PKK’nın sivil yapılanması KCK tarafından başlatılan açlık grevlerinin, İmralı canisi Öcalan’ın talimatı ile sona erdirilmiş olması bizce son derece düşündürücüdür. Bu, Öcalan’ın hükümet tarafından muhatap alındığının da bir göstergesidir. Çünkü bu talimattan sonra KCK tarafından bir açıklama yapılmış “Bu direniş amacına ulaşmış ve yerini bulmuştur. Sorumluluk, bundan sonra hükümette ve devlettedir” denilmiştir.
Ne olmuştur? İmralı canisi birden bire böyle bir talimatı neden göndermiştir? Hükümet olanlar “Gerekirse Öcalan ile de görüşülür” demişlerdi. Biz, merak ediyoruz, ne görüşülmüş, neler vaat edilmiş, terör örgütünün isteklerine boyun eğilinmiştir?
Bütün bu olup bitenlerden sonra KCK’ dan yapılan açıklama, gerçekleri gözler önüne sermektedir. Bundan sonra sorumluluğun hükümette ve devlette olduğunun vurgulanması, ortada terör örgütü ile bizi yönetenler arasında bir anlaşmanın sağlandığı izlenimini yaratmaktadır.
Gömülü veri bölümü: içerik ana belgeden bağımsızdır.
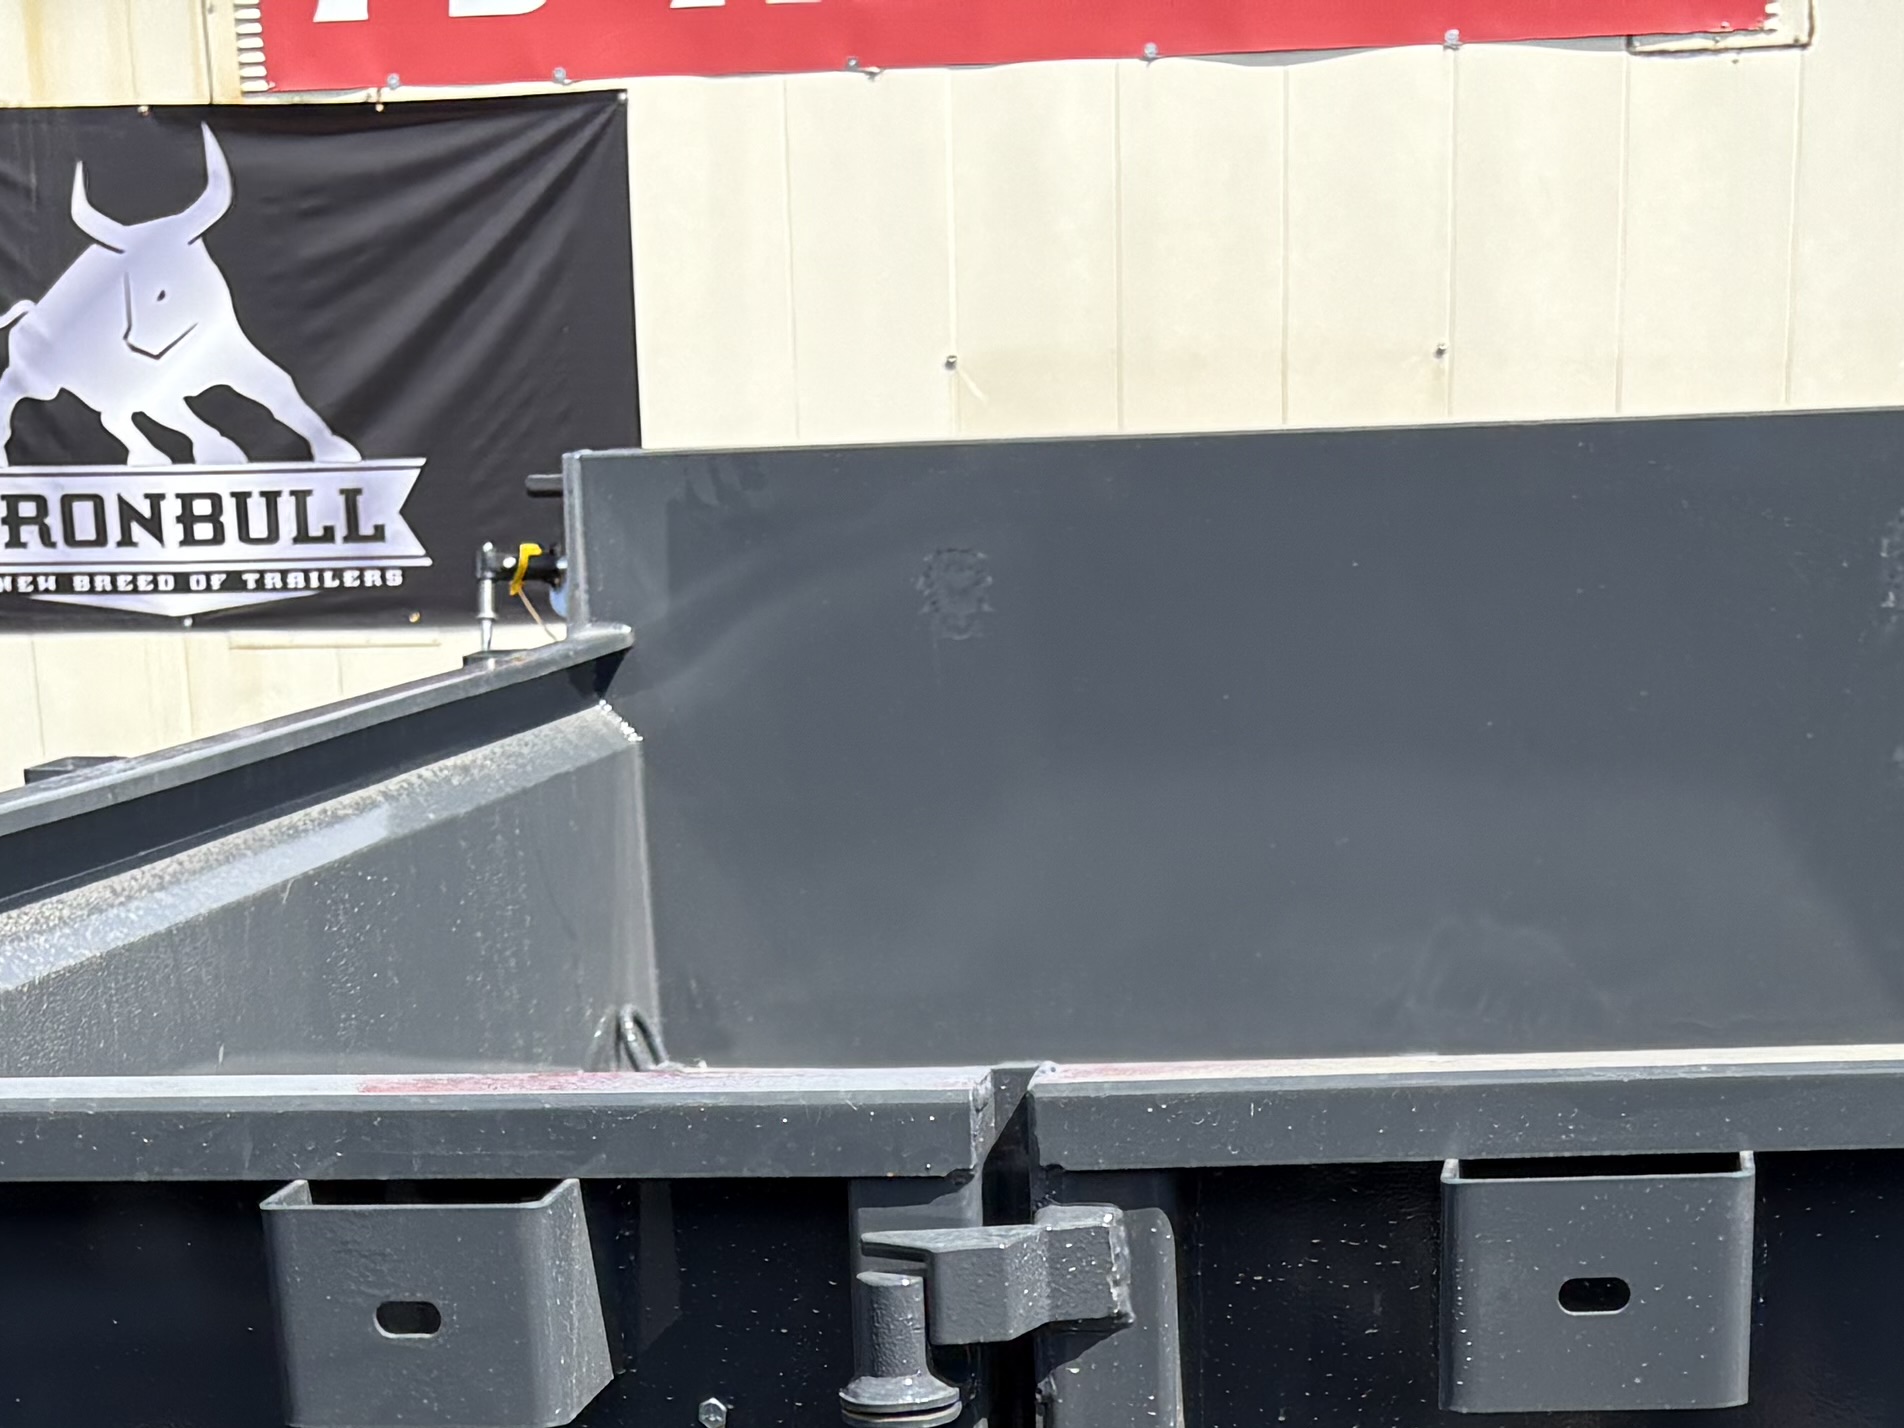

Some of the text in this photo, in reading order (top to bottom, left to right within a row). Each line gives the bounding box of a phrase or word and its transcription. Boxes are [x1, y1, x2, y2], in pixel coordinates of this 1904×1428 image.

[73, 572, 175, 592] BREED
[190, 572, 228, 591] OF
[243, 569, 404, 591] TRAILERS
Eğer, durum gerçekten böyle ise, AKP Hükümeti’nin teröre teslim olduğunu söyleyebiliriz.
Ana dilde savunma isteği PKK’nın bir dayatmasıydı, Hükümet bu konuda adım atarak, bu isteği yerine getirdi. PKK’nın istekleri bununla da sınırlı kalmadı. Terörist başı Öcalan’a ev hapsi isteği de gündeme düştü. Başlatılan ölüm oruçları ve açlık grevlerinin altında yatan gerçeğin bu olduğunu hepimiz biliyoruz.
Şimdi sıkı durun:
Bu açlık grevlerinin Öcalan’ın talimatı ile sona erdirilmiş olması, ortada terör örgütü ile Hükümet arasında bir anlaşmanın var olduğu izleniminin ortaya koymuyor mu? Kaldı ki, bu açlık grevlerinin hedefine ulaşılmış olduğunun açıklanması ve yerini bulduğunun vurgulanması da bu görüşü doğrulamıyor mu?
Açlık grevlerinin yurdun hemen her yerinde destek bulması, üniversitelere kadar sıçraması ve olaysız günün geçmemesi zaten başlı başına bir sıkıntıydı. Öcalan’ın talimatı ile bu açlık grevlerinin sona erdirilmesi, örgütü hala terörist başının yönettiğini de bir kez daha göstermiş oldu.
Bunun anlamı da şudur:
PKK terörü ile ilgili çözüm aranıyorsa, muhatap İmralı canisi Öcalan’dır. Öcalan’sız bir çözüm de mümkün değildir. Bugün, cezaevinde olmasına, müebbet hapis cezası almasına karşın, bu cani halen talimat verebiliyor, yüzlerce insanın ölümüne sebep olabiliyorsa, bunun sorumlusu da bugünkü hükümetin kendisidir. Bu Hükümet de eninde sonunda Öcalan’ı muhatap almak zorunda kalacaktır.
Bunları, PKK’nın Meclis’teki uzantıları BDP’liler de sürekli telaffuz ediyor. PKK ile çözüm görüşmelerinde adres olarak İmralı’yı gösteriyorlar. Bugün söylenenler ve yaşadıklarımız sürpriz değildir. Hükümet, teröre teslim olmuştur. Bakalım bundan sonra daha ne tavizler verilecek, bekleyip hep birlikte göreceğiz.
KCK’nın açıklamasında şu vurguya da dikkat:
“ Hükümete, istemedikleri halde bazı adımları attırmak zorunda bıraktık. Birçok ulusal ve uluslar arası kurum ve kuruluş açlık grevindeki eylemcilerin eylemlerini çözülebilir makul talepler olarak görmüş ve desteklerini sunmuşlardır.”
Kısacası “Hükümete diz çöktürdük” deniliyor. “İsteklerimizi kabul ettirdik” deniliyor. “Her taraftan desteğimizi sağladık” deniliyor. Daha da açıkçası “Hükümete pes dedirttik” vurgusu yapılıyor.
Açlık grevleri için amaca ulaşıldığı ifade edildiğine göre, ortada bir tavizin var olduğunu görmemek mümkün müdür? Kısa zamanda mutlaka bunun kokusu da çıkacaktır. Bakalım, Hükümet bundan sonra hangi adımı atacaktır?